= WORK TASK =
Please give back only the lines below from the one containing "this 1334×1500 image." to the one containing "this 2048×1561 image.", each repeated word for word, both ends included.

= SUPPLIED MATERIAL =
────────────────────

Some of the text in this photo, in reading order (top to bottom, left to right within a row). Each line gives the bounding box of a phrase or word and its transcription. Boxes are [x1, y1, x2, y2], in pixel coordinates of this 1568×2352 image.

────────────────────

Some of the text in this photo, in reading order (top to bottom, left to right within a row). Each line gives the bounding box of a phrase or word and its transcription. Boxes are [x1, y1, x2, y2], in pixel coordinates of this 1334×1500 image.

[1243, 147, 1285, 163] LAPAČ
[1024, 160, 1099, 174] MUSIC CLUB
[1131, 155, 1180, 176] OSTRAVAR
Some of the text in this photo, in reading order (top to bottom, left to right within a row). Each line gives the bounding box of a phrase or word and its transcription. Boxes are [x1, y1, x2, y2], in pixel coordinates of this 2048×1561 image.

────────────────────

= SOLUTION TO THE EXERCISE =
Some of the text in this photo, in reading order (top to bottom, left to right within a row). Each line gives the bounding box of a phrase or word and its transcription. Boxes are [x1, y1, x2, y2], in pixel coordinates of this 1334×1500 image.

[1243, 147, 1285, 163] LAPAČ
[1024, 160, 1099, 174] MUSIC CLUB
[1131, 155, 1180, 176] OSTRAVAR
Some of the text in this photo, in reading order (top to bottom, left to right within a row). Each line gives the bounding box of a phrase or word and its transcription. Boxes are [x1, y1, x2, y2], in pixel coordinates of this 2048×1561 image.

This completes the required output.